C. REACTIVOS:
Todos los reactivos fueron de grado analítico. El carbonato de sodio, bicarbonato de sodio, ácido clorhídrico, fosfato monosódico, fosfato disódico y peróxido de hidrógeno fueron adquiridos de E. Merck. Epinefrina, EDTA, BSA, ác. tiobarbitúrico, CDBN y GSH fueron obtenidos de Sigma Chemical Co. la vitamina E fue una donación de Química Suiza.

Las ratas fueron colocadas individualmente en jaulas metálicas en un ambiente iluminado y ventilado. Se les proporcionó doce horas de luz y doce horas de oscuridad y temperatura ambiente de 26 ± 1 grado C. El tratamiento fue por 12 semanas (corto plazo) [15].

Después de 12 semanas, se sacrificaron los animales por decapitación e inmediatamente se extrajo el hígado, se colocó en baño de hielo y luego se procedió a la limpieza, pesado y separación (1,5 g) de una porción de hígado del lóbulo más grande que se lavó con el medio de homogenización para eliminar la sangre (tres veces). El homogenizado al 10 % p/v fue preparado en un homogenizador de vidrio tipo Potter-Elvehjem con émbolo de teflón. El medio de homogenización contenía 50 mmol/L de buffer fosfato de sodio pH 7,0.

El homogenizado fue centrifugado a 750 g X 10 min para eliminar células intactas, núcleos y restos de membrana celular. Una segunda centrifugación del sobrenadante a 9 800 g X 15 min para eliminar mitocondrias y una tercera centrifugación para obtener "citosol", el sobrenadante de la segunda centrifugación se llevó a 22 000 g X 100 min. Todas las centrifugaciones fueron hechas en una centrífuga Sorvall tipo RC2-B, rotor SS34 a una temperatura entre 0 y 5 grados centígrados.

1. Medida de lipoperoxidación:
Se realizó según la técnica de Buege y Aust [5] con algunas modificaciones, midiendo la producción de malondialdehído que al reaccionar con el TBA, forma un complejo coloreado que se lee a 535 nm.
El procedimiento fue: 0,5 mL de homogenizado más 1,0 mL de TCA al 20 % se lleva a baño maría hirviente por 10 min, se enfría y se agrega 1,5 mL de TBA al 0,67 % HCl 0,25 N, se lleva otra vez a baño maría hirviente por 30 min. Se enfría en agua helada y se centrifuga a 4 000 rpm por 10 min, se extrae el sobrenadante y se lee.
Para los cálculos se utilizó el coeficiente de extinción molar 1,56 X 10⁵ mmol^-1cm^-1 del complejo coloreado formado por el malondialdehído-tiobarbitúrico.

2. Actividad de SOD:
Se utilizó el método de Misra y Fridovich [37] modificado por Sun y Zigman [47], que se basa en la capacidad de la SOD de inhibir la autooxidación de la epinefrina a adrenocromo.
La cubeta de reacción contenía 2,94 mL de buffer carbonato 0,05 mol/L pH 10,2,EDTA 1 X 10^-4 mol/L y 10 uL de citosol. La reacción se inicia adicionando 50 uL de epinefrina 5,5 mg/mL. Se lee a 320 nm.
Los cálculos se hicieron a partir de los datos obtenidos de la porción lineal de la cinética de reacción.
La unidad SOD se define como la cantidad de enzima que inhibe la autooxidación del 50 % del total de epinefrina presente en la reacción.

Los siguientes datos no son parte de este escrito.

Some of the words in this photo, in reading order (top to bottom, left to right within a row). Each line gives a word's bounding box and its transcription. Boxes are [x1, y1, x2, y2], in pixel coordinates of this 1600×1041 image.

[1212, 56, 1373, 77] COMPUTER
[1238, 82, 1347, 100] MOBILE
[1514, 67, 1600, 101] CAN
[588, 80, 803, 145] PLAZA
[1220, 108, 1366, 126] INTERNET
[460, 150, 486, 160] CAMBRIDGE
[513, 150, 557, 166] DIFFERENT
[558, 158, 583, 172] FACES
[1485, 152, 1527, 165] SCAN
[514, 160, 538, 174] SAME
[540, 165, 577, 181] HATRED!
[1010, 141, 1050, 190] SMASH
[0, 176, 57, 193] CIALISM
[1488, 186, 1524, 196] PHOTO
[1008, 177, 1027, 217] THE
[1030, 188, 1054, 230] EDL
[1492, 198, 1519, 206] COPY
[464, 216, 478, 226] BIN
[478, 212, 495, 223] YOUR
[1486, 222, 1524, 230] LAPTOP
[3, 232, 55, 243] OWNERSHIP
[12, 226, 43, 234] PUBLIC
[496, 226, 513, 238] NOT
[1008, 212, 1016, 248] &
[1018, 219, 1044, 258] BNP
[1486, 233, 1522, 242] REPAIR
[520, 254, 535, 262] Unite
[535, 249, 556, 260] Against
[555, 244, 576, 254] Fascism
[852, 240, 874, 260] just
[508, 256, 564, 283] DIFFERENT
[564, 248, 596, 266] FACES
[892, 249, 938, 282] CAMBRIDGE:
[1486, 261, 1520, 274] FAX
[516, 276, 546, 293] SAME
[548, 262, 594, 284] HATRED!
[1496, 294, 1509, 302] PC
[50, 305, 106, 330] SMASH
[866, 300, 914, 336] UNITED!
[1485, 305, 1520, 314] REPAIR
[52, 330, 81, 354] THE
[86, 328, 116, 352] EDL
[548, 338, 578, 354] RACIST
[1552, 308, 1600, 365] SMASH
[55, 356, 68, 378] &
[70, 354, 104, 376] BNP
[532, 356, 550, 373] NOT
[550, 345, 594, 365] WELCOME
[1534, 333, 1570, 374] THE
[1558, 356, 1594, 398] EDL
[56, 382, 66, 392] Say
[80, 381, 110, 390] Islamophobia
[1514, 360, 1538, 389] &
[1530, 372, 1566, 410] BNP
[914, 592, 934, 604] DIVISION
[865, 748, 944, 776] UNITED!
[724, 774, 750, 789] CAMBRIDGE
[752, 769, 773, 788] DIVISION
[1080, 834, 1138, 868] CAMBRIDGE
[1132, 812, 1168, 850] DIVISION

3. Actividad de Glutation transferasa:
Se realizó por la técnica de Habig y colaboradores [28].
El fundamento de la reacción es la capacidad del GSH de conjugarse con el CDNB. El incremento de la absorbancia a 340 nm por 1 min, es directamente proporcional a la actividad de la enzima presente.
En la cubeta de ensayo de 1 mL se coloca 940 uL de un tampón que contiene buffer fosfato 0,1 mol/L pH 6,5 y 3,3 mg de GSH, se añade 40 uL de una solución etanólica de CDNB al 0,5065 g %, se incuba a 25 grados centígrados por 5 min y la reacción se inicia añadiendo 20 uL de citosol.
Para los cálculos se hace uso del coeficiente de extición molar del CDNB 9,6 mM^-1m^-1.

4. Determinación de proteínas:
Las proteínas del homogenizado y del citosol se realizaron según la técnica de Lowry [34].
Las mediciones espectrofotométricas se realizaron en un Gilford modelo 240, el registrador también Gilford modelo 6051 y en un espectro LKB modelo Ultrospec II, conectado a una computadora Apple.

5. Análisis estadístico:
Se realizó mediante un análisis de varianza de entrada simple, cuando los grupos resultaron en diferencias significativas, se sometieron además a un análisis por pares según el método de Fisher [21].